- Records for this exercise
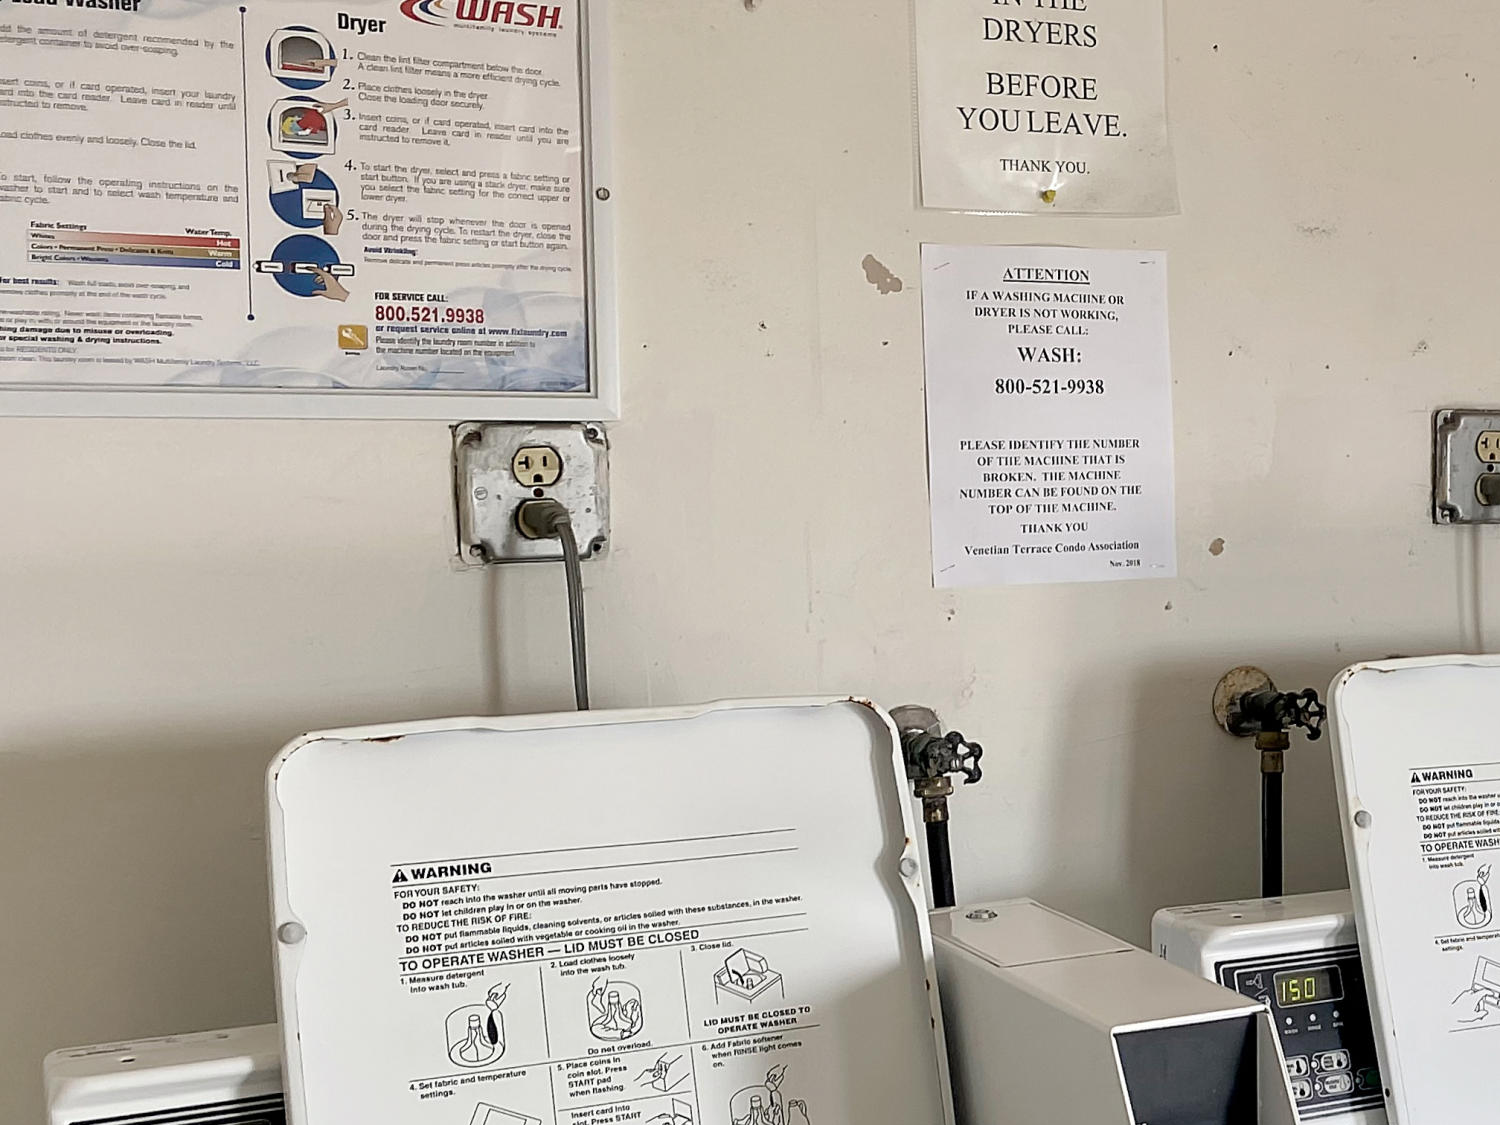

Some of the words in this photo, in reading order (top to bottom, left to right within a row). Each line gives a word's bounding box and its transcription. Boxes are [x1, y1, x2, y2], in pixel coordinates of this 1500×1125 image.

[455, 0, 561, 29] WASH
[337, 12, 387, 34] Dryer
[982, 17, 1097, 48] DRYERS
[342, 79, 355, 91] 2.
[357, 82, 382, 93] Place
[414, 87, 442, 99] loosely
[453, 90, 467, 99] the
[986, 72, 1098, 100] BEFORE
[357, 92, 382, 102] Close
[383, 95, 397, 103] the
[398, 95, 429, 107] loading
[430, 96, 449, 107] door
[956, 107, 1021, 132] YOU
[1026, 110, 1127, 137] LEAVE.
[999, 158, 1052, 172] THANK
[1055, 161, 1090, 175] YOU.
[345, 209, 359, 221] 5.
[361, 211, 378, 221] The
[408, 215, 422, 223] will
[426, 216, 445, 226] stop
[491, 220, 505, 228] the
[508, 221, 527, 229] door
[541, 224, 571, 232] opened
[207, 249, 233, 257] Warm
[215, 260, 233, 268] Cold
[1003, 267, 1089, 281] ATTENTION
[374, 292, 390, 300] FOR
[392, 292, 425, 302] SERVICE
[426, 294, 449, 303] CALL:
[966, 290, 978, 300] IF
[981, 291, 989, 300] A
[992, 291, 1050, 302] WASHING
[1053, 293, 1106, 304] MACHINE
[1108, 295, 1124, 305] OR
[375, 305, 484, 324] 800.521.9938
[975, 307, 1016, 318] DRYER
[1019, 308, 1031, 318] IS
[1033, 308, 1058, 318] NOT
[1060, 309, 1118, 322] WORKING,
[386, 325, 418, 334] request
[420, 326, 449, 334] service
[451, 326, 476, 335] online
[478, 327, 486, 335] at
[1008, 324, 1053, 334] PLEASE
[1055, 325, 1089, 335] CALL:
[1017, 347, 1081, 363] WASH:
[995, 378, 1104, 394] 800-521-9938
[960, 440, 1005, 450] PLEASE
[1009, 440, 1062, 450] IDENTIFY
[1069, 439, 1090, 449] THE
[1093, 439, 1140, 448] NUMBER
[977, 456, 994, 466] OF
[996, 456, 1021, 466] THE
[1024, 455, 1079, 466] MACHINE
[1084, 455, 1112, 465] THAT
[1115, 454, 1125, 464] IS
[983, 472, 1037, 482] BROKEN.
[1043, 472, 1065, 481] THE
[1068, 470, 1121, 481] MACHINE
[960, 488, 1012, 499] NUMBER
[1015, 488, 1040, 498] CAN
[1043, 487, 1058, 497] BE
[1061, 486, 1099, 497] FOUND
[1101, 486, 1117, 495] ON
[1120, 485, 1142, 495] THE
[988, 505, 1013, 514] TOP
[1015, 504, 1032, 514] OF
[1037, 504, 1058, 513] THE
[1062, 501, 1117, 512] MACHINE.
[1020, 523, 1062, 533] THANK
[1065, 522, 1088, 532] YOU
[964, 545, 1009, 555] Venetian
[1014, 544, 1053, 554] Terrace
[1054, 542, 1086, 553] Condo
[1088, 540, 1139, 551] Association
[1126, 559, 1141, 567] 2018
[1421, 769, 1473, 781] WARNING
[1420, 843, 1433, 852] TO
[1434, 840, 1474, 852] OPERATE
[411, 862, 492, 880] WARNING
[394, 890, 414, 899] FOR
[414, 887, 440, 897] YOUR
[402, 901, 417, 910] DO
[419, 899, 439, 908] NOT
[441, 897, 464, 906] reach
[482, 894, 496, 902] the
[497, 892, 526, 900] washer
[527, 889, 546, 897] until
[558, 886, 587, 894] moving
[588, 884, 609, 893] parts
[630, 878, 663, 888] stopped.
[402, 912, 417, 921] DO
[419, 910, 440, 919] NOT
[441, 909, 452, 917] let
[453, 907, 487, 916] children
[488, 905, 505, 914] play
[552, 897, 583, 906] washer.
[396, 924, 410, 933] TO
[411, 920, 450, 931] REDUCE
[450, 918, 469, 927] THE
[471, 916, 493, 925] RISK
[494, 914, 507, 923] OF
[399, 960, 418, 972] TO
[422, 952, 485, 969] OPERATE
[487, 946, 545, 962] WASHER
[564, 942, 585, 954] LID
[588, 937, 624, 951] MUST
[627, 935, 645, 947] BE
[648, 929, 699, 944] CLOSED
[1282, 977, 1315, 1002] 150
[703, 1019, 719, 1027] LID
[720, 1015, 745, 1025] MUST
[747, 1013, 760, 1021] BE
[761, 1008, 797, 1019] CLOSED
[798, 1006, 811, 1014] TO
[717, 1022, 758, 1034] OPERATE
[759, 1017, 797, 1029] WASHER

- What you have to do
Every line of the listing should be repeated exactly; no picture should appear.

- Exercise solution
Some of the words in this photo, in reading order (top to bottom, left to right within a row). Each line gives a word's bounding box and its transcription. Boxes are [x1, y1, x2, y2], in pixel coordinates of this 1500×1125 image.

[455, 0, 561, 29] WASH
[337, 12, 387, 34] Dryer
[982, 17, 1097, 48] DRYERS
[342, 79, 355, 91] 2.
[357, 82, 382, 93] Place
[414, 87, 442, 99] loosely
[453, 90, 467, 99] the
[986, 72, 1098, 100] BEFORE
[357, 92, 382, 102] Close
[383, 95, 397, 103] the
[398, 95, 429, 107] loading
[430, 96, 449, 107] door
[956, 107, 1021, 132] YOU
[1026, 110, 1127, 137] LEAVE.
[999, 158, 1052, 172] THANK
[1055, 161, 1090, 175] YOU.
[345, 209, 359, 221] 5.
[361, 211, 378, 221] The
[408, 215, 422, 223] will
[426, 216, 445, 226] stop
[491, 220, 505, 228] the
[508, 221, 527, 229] door
[541, 224, 571, 232] opened
[207, 249, 233, 257] Warm
[215, 260, 233, 268] Cold
[1003, 267, 1089, 281] ATTENTION
[374, 292, 390, 300] FOR
[392, 292, 425, 302] SERVICE
[426, 294, 449, 303] CALL:
[966, 290, 978, 300] IF
[981, 291, 989, 300] A
[992, 291, 1050, 302] WASHING
[1053, 293, 1106, 304] MACHINE
[1108, 295, 1124, 305] OR
[375, 305, 484, 324] 800.521.9938
[975, 307, 1016, 318] DRYER
[1019, 308, 1031, 318] IS
[1033, 308, 1058, 318] NOT
[1060, 309, 1118, 322] WORKING,
[386, 325, 418, 334] request
[420, 326, 449, 334] service
[451, 326, 476, 335] online
[478, 327, 486, 335] at
[1008, 324, 1053, 334] PLEASE
[1055, 325, 1089, 335] CALL:
[1017, 347, 1081, 363] WASH:
[995, 378, 1104, 394] 800-521-9938
[960, 440, 1005, 450] PLEASE
[1009, 440, 1062, 450] IDENTIFY
[1069, 439, 1090, 449] THE
[1093, 439, 1140, 448] NUMBER
[977, 456, 994, 466] OF
[996, 456, 1021, 466] THE
[1024, 455, 1079, 466] MACHINE
[1084, 455, 1112, 465] THAT
[1115, 454, 1125, 464] IS
[983, 472, 1037, 482] BROKEN.
[1043, 472, 1065, 481] THE
[1068, 470, 1121, 481] MACHINE
[960, 488, 1012, 499] NUMBER
[1015, 488, 1040, 498] CAN
[1043, 487, 1058, 497] BE
[1061, 486, 1099, 497] FOUND
[1101, 486, 1117, 495] ON
[1120, 485, 1142, 495] THE
[988, 505, 1013, 514] TOP
[1015, 504, 1032, 514] OF
[1037, 504, 1058, 513] THE
[1062, 501, 1117, 512] MACHINE.
[1020, 523, 1062, 533] THANK
[1065, 522, 1088, 532] YOU
[964, 545, 1009, 555] Venetian
[1014, 544, 1053, 554] Terrace
[1054, 542, 1086, 553] Condo
[1088, 540, 1139, 551] Association
[1126, 559, 1141, 567] 2018
[1421, 769, 1473, 781] WARNING
[1420, 843, 1433, 852] TO
[1434, 840, 1474, 852] OPERATE
[411, 862, 492, 880] WARNING
[394, 890, 414, 899] FOR
[414, 887, 440, 897] YOUR
[402, 901, 417, 910] DO
[419, 899, 439, 908] NOT
[441, 897, 464, 906] reach
[482, 894, 496, 902] the
[497, 892, 526, 900] washer
[527, 889, 546, 897] until
[558, 886, 587, 894] moving
[588, 884, 609, 893] parts
[630, 878, 663, 888] stopped.
[402, 912, 417, 921] DO
[419, 910, 440, 919] NOT
[441, 909, 452, 917] let
[453, 907, 487, 916] children
[488, 905, 505, 914] play
[552, 897, 583, 906] washer.
[396, 924, 410, 933] TO
[411, 920, 450, 931] REDUCE
[450, 918, 469, 927] THE
[471, 916, 493, 925] RISK
[494, 914, 507, 923] OF
[399, 960, 418, 972] TO
[422, 952, 485, 969] OPERATE
[487, 946, 545, 962] WASHER
[564, 942, 585, 954] LID
[588, 937, 624, 951] MUST
[627, 935, 645, 947] BE
[648, 929, 699, 944] CLOSED
[1282, 977, 1315, 1002] 150
[703, 1019, 719, 1027] LID
[720, 1015, 745, 1025] MUST
[747, 1013, 760, 1021] BE
[761, 1008, 797, 1019] CLOSED
[798, 1006, 811, 1014] TO
[717, 1022, 758, 1034] OPERATE
[759, 1017, 797, 1029] WASHER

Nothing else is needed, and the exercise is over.